Plans for a new sub-editing hub for News Limited’s titles in Australia, part of News Corporation, have been announced. More than 100 sub-editors and designers will move to the centralised production operation.
There’s been headline embarrassment in the past week both for Johnston Press and Newsquest. This headline filler was spotted by Jon Slattery in the Glasgow Evening Times on Friday.
The use of the Atex production system at JP has been blamed for similar problems which have occured at titles since integration of the new system, such as cropped, misaligned or even missing pictures and other headline gaffs.
Earlier this year the NUJ wrote to the Press Complaints Commission claiming that a memo from Johnston Press management showed the new Atex rules “removed a number of checks for accuracy and seriously undermined the role of the editor, removing their final responsibility for the content of the paper”.
Update: We originally incorrectly linked the Glasgow Evening Times to Johnston Press, it has now been corrected as a Newsquest title.

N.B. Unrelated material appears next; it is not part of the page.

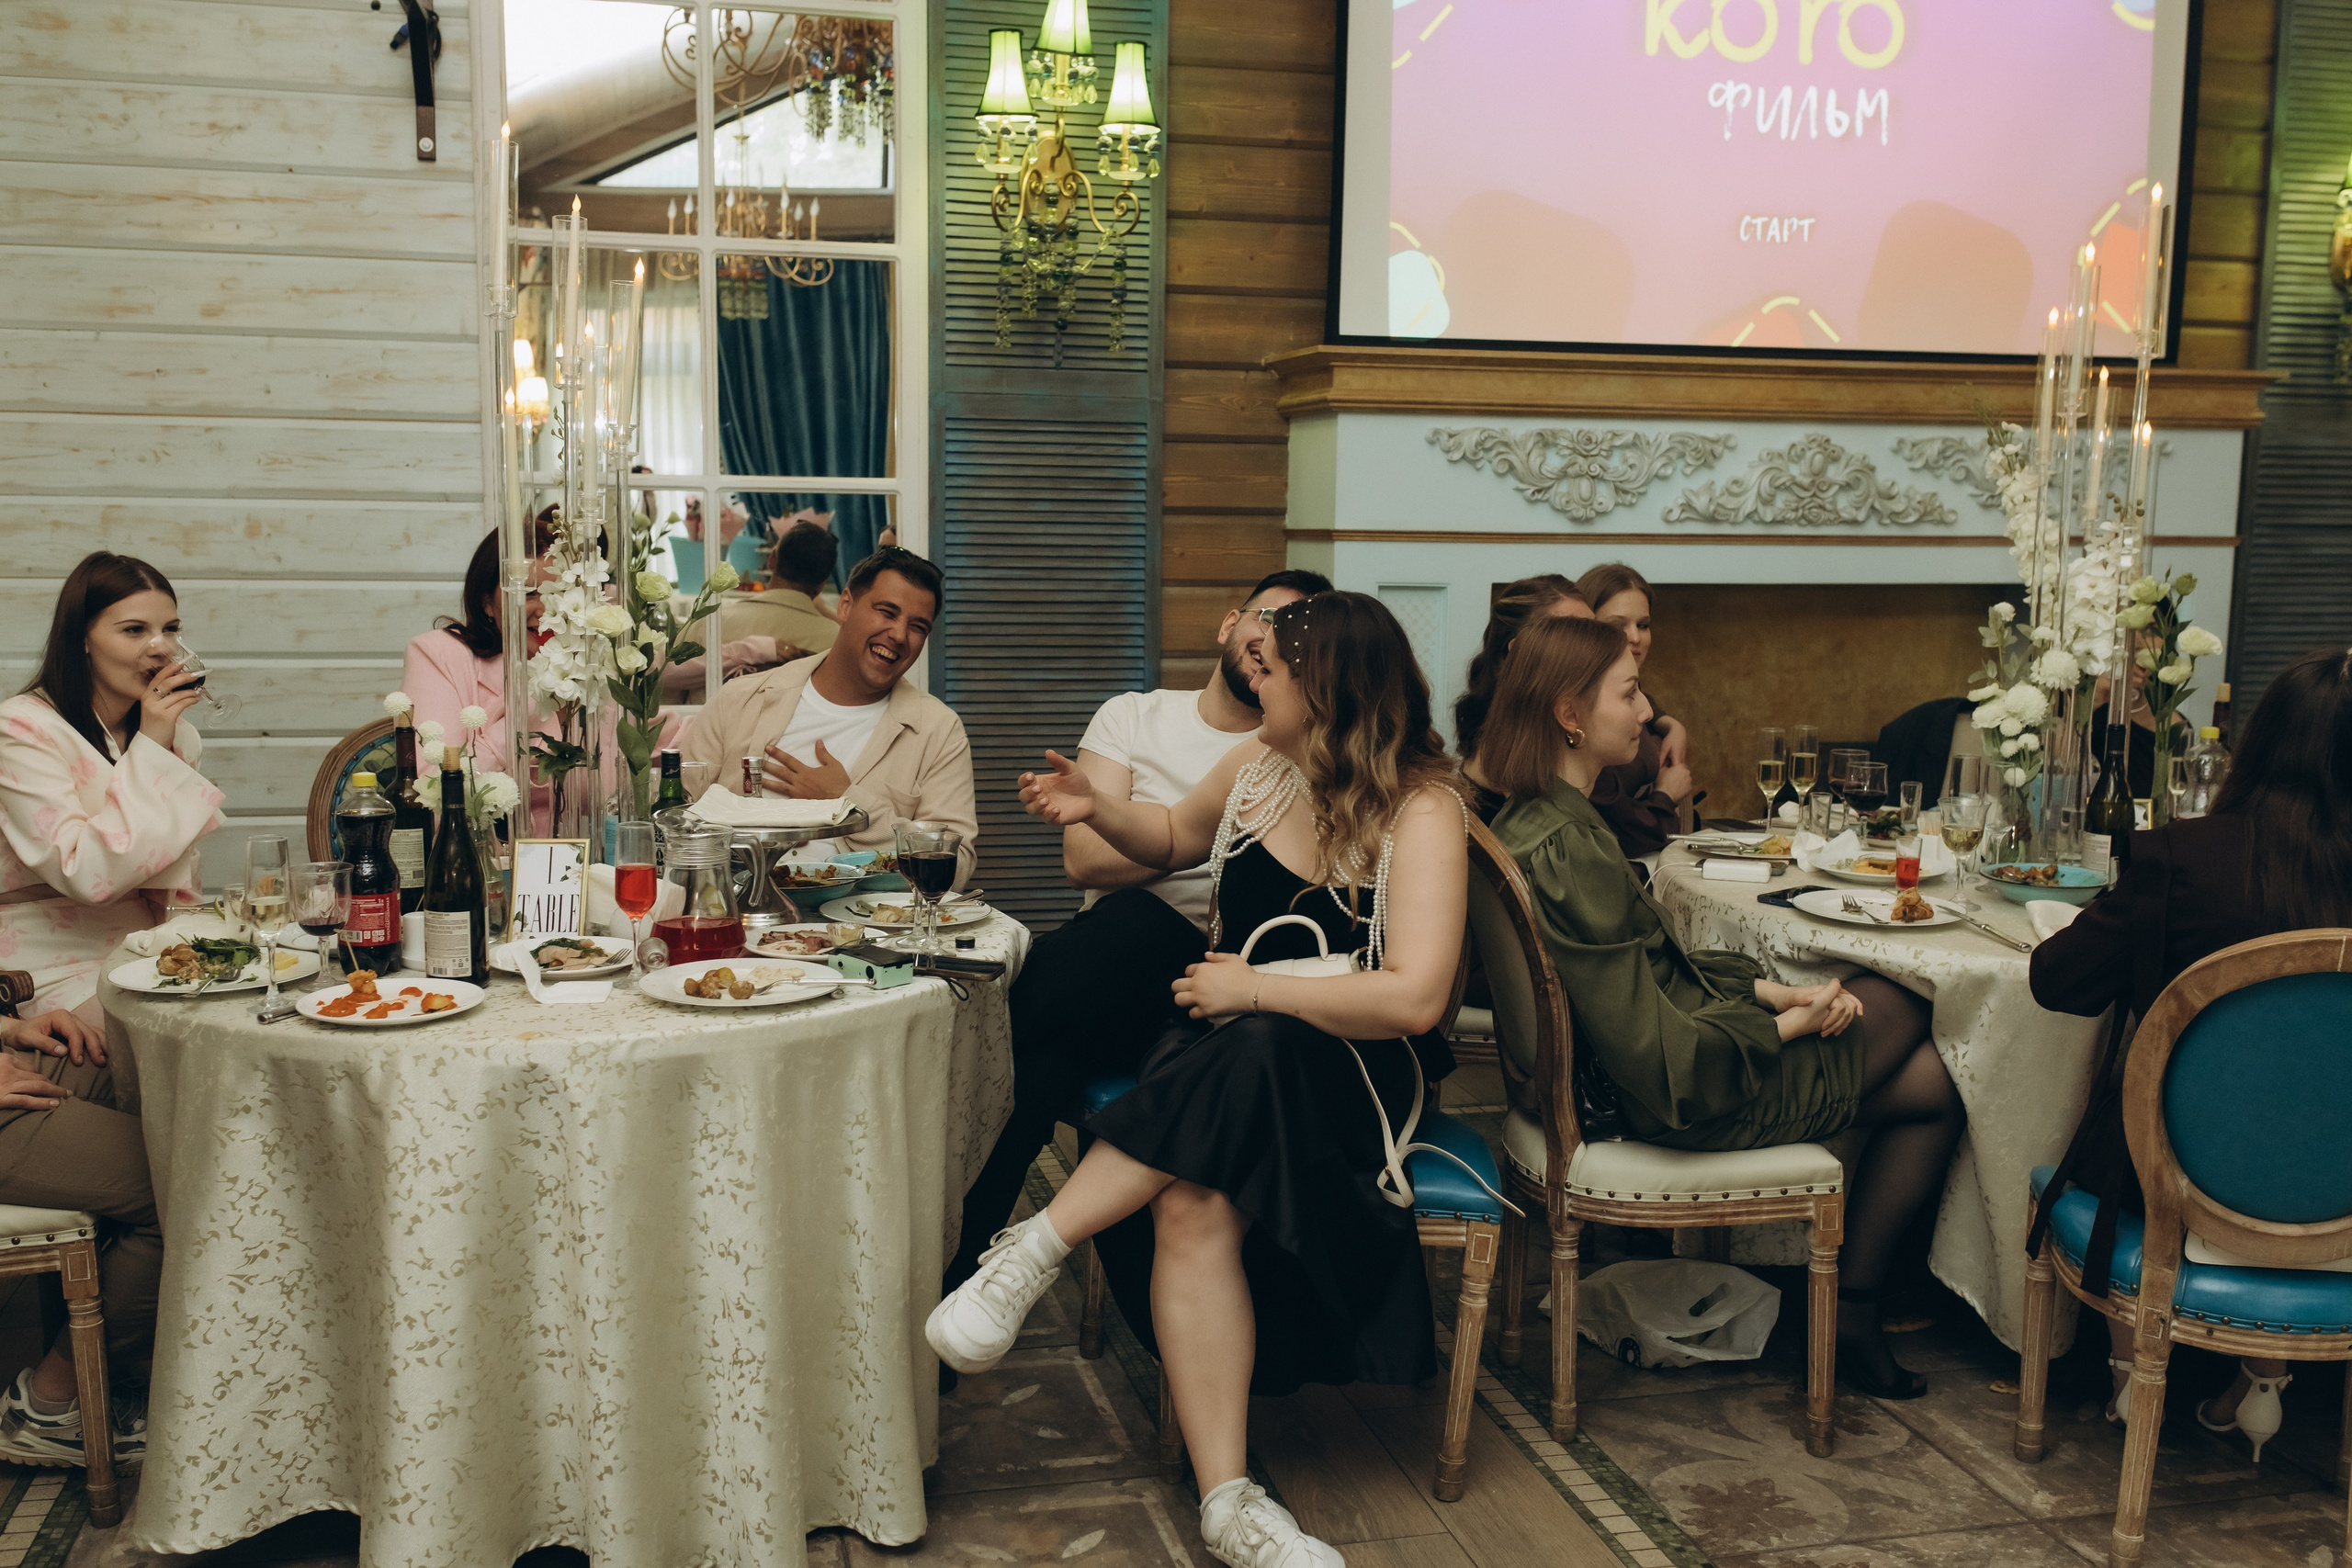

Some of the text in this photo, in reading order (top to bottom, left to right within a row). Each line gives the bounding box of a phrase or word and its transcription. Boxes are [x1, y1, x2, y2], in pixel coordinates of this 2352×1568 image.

Great first-person piece from the New York Times’ Virginia Heffernan on the process of fact-checking at newspapers past and present:
In short, fact-checking has assumed radically new forms in the past 15 years. Only fact-checkers from legacy media probably miss the quaint old procedures. But if the web has changed what qualifies as fact-checking, has it also changed what qualifies as a fact? I suspect that facts on the web are now more rhetorical devices than identifiable objects. But I can’t verify that.
Nieman Journalism Lab looks at the changing role and value of the copy editor and sub-editor as so-called “content factories” like Demand Media and Associated Content expand to meet demands for “newsy” rather than “news” content online:
(…) that newsy, but more evergreen content on everything from going green to health to potty training to TV buying is building a great annuity for the company; it’s long tail monetisable for a long time.

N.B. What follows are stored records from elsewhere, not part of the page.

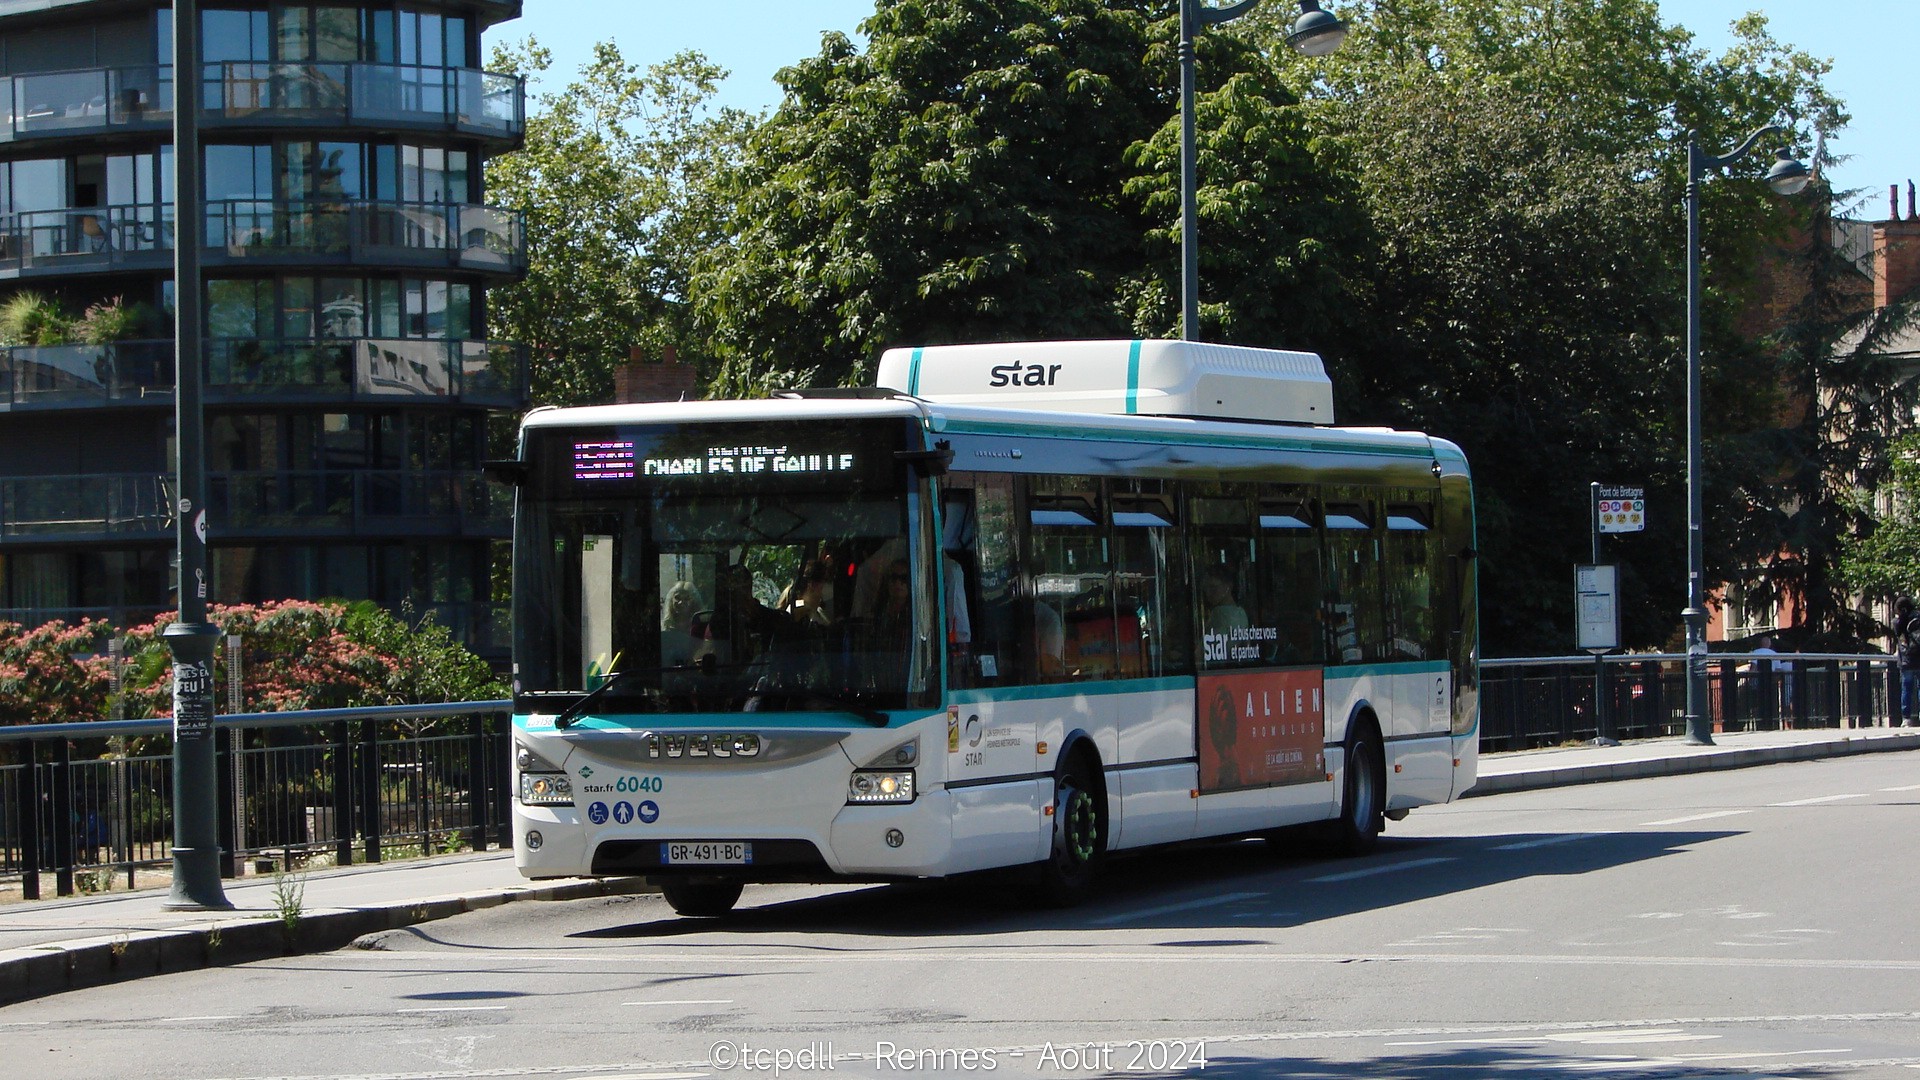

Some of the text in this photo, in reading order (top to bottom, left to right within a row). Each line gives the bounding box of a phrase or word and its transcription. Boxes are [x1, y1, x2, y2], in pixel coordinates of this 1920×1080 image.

[989, 359, 1062, 388] star
[1599, 485, 1643, 500] Pont de Bretagne
[1230, 624, 1277, 640] Le bus chez vous
[1203, 627, 1228, 661] star
[1231, 643, 1260, 662] et partout
[1246, 687, 1320, 717] ALIEN
[1252, 722, 1315, 738] ROMULUS
[649, 733, 760, 758] IVECO
[965, 752, 983, 767] STAR
[584, 776, 663, 793] star.fr 6040
[671, 844, 742, 860] GR-491-BC

(…) This wide disparity in editing editorial content isn’t wildly surprising; the disparity has grown markedly over the last decade, and certainly the blogosphere making each one of us our own editors has taught us new, uneasy conventions. We’ve gained a lot in the free and easy flow on web-enabled writing and publishing. We’ve clearly lost something too, as finding (and paying for) an intelligent second set of eyes has become a luxury.
That’s left me wondering exactly what value is in good editing. Are there any Newsonomics of editing, value to be gained and harvested?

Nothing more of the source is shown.